彼らはしばらく呆然としていたけど、わたし達の姿を認めると立ち上がろうとした。
「そのまま座っていて下さい。まだ本調子ではないと思いますので」
「そうですな……、ではこのままの姿勢で失礼致します。我々を救って頂き、ありがとうございます」
「不幸中の幸いだったね、おじさん。この子が気付いて良かったよ」
そう那月さんが話すと、男性はぎょっとした表情になる。
「勇者ナツキ様……ですか? 貴方が私どもを助けて……」
「ううん、貴方達を助けたのはこの子――フミナ。多分、貴方も見たでしょう? フミナの魔法の力をさ」
「……そうでした。最早死にゆくだけと思っていたところを、フミナ殿に助けられました。重ね重ねになりますが、ありがとうございます」
「気にしないで下さい。みんな助かって良かったです」
わたしがそう返すと、男性は少し顔を顰める。
「残念ながら、亡くなった者もおります。
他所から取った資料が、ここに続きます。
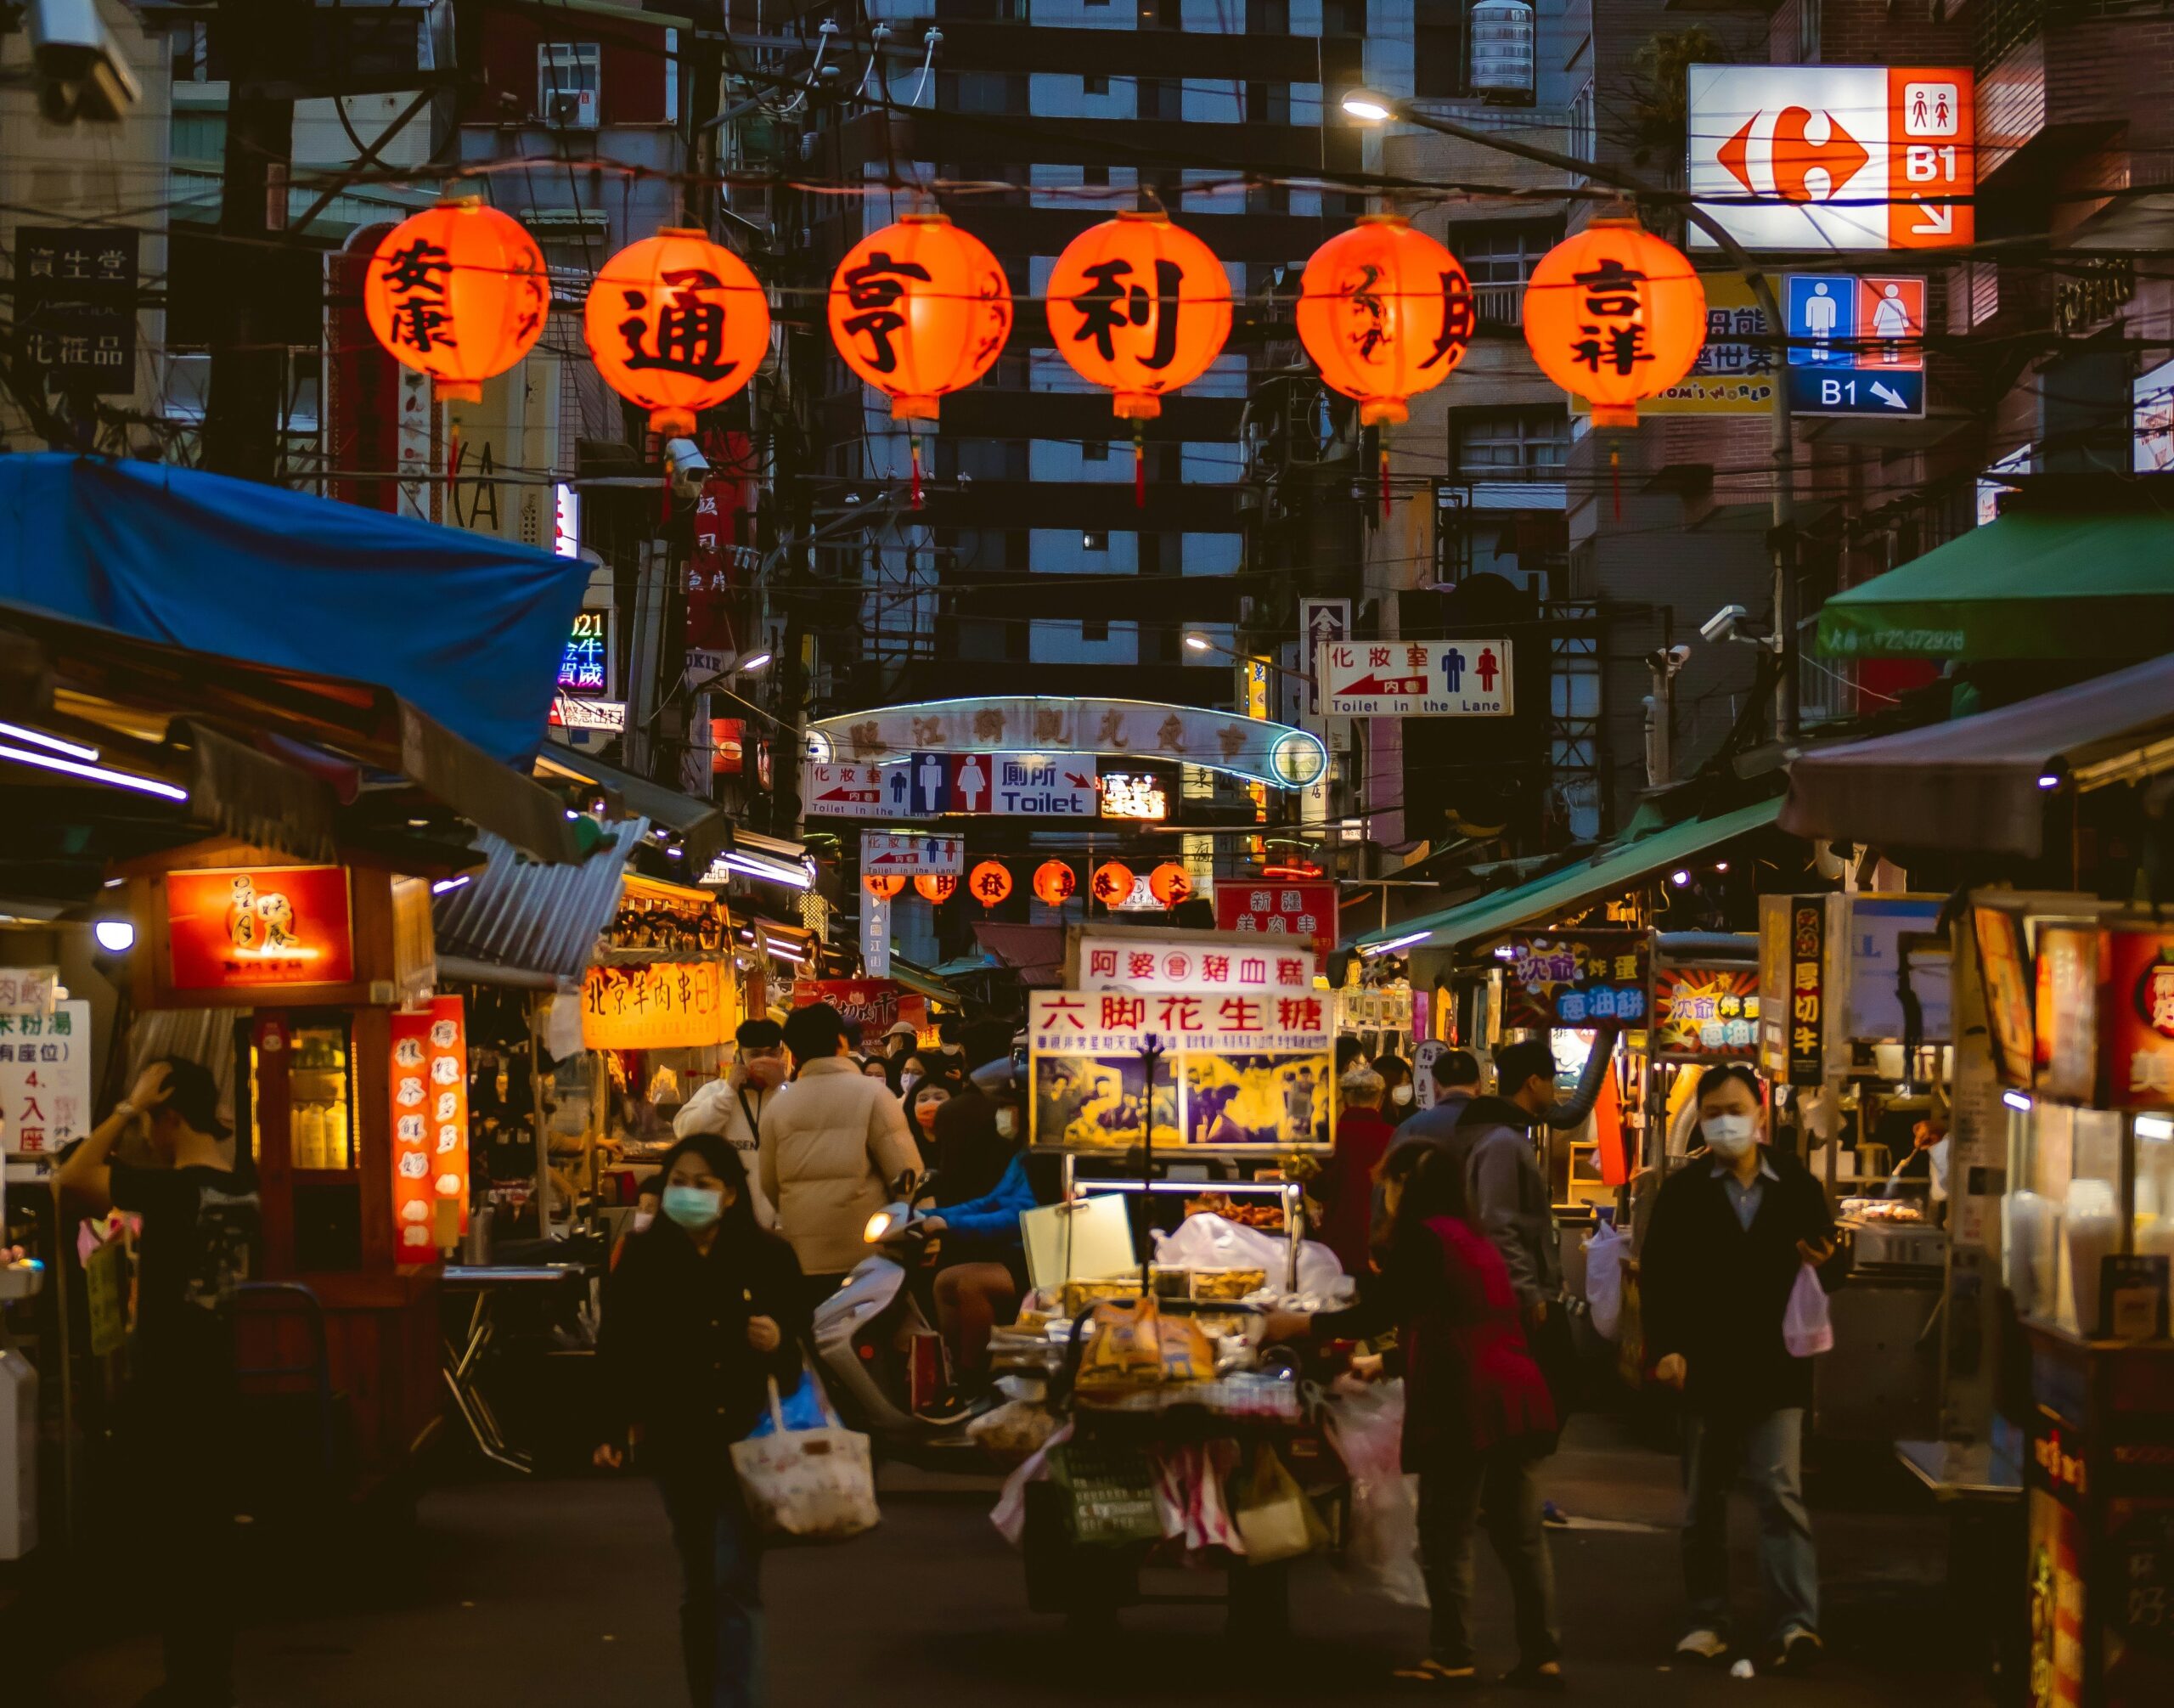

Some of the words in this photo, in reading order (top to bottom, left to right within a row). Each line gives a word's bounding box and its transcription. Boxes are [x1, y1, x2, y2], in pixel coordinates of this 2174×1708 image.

[1906, 145, 1956, 182] B1
[382, 239, 457, 352] 安康
[619, 268, 739, 382] 通
[842, 252, 932, 374] 亨
[1071, 258, 1184, 369] 利
[1571, 259, 1657, 375] 吉祥
[1709, 386, 1771, 402] WORLD
[1821, 379, 1857, 405] B1
[1332, 648, 1428, 668] 化妝室
[1332, 699, 1379, 713] Toilet
[1394, 699, 1409, 713] in
[1423, 699, 1449, 713] the
[1462, 699, 1501, 713] Lane
[814, 767, 882, 785] 化妝室
[812, 803, 845, 815] Toilet
[854, 805, 866, 815] in
[876, 808, 893, 817] the
[1001, 792, 1084, 814] Toilet
[1251, 891, 1302, 912] 新疆
[1236, 913, 1316, 935] 羊肉串
[589, 971, 691, 1016] 北京羊肉串
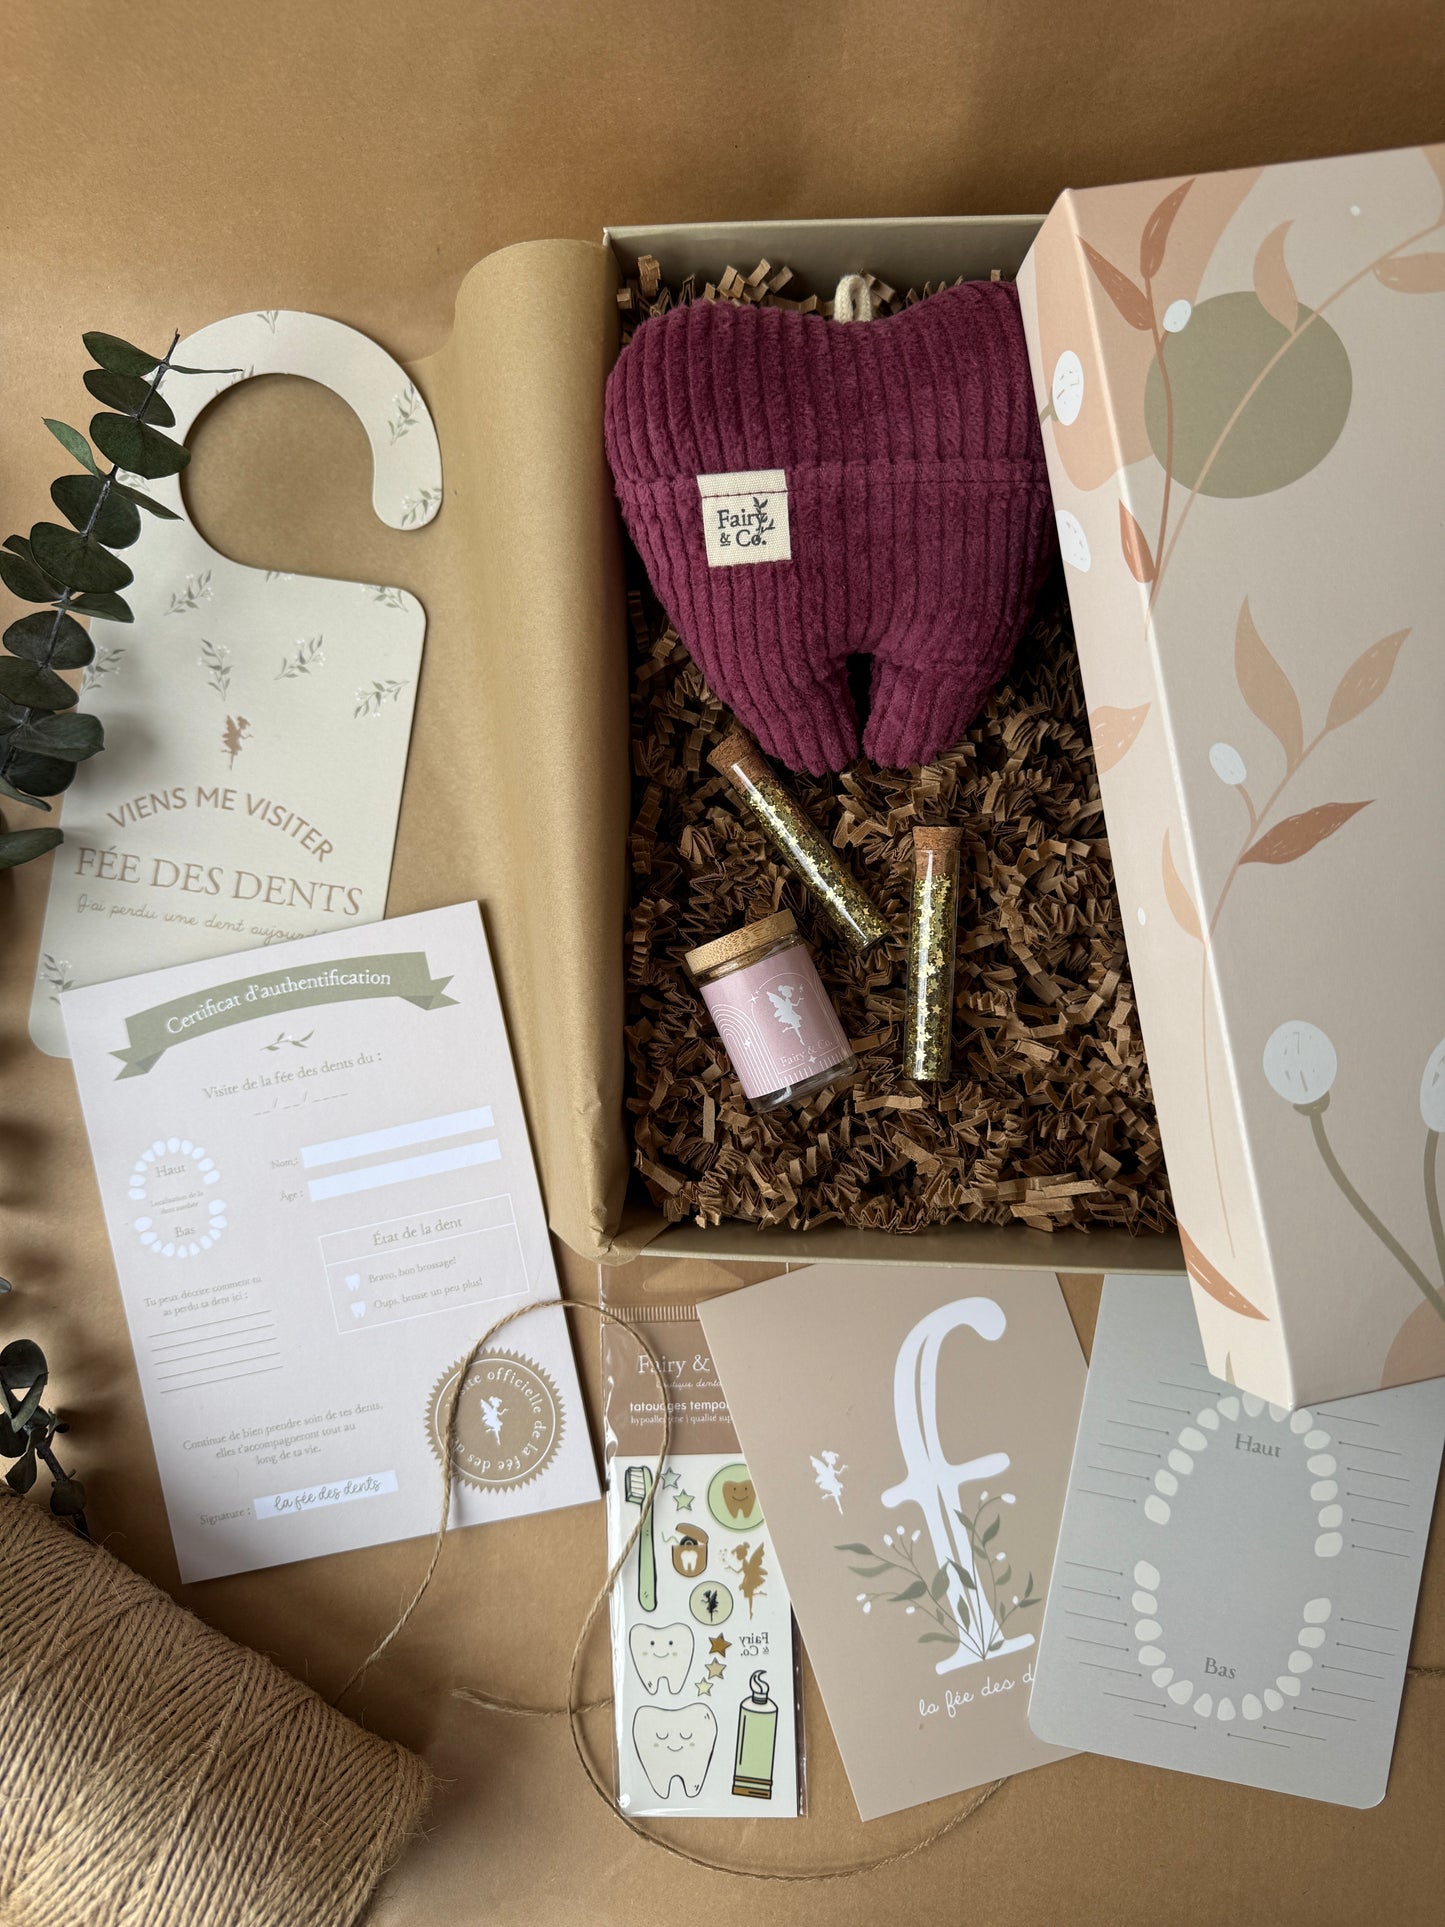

今回の護衛には彼女達の他、男性の冒険者を二名雇ったのですが、うち一名はゴブリンの群れを見て逃げ出し、もう一名は逃げた冒険者にゴブリンの前へ囮として突き飛ばされ、いの一番に襲われてしまいましたので」
「……そうですか」
「フミナ、仕方ないよ。私達は全てを救える訳じゃない」
「……わかってます、大丈夫ですよ」
助けられなかった人もいる――、その事にもやもやしたものを感じるけど、那月さんが気遣わし気にわたしの肩に手を置いたのを感じ、もやもやを吐き出す様に答えを返す。
その微妙な雰囲気を打破するように、男性はわたしに問い掛けてきた。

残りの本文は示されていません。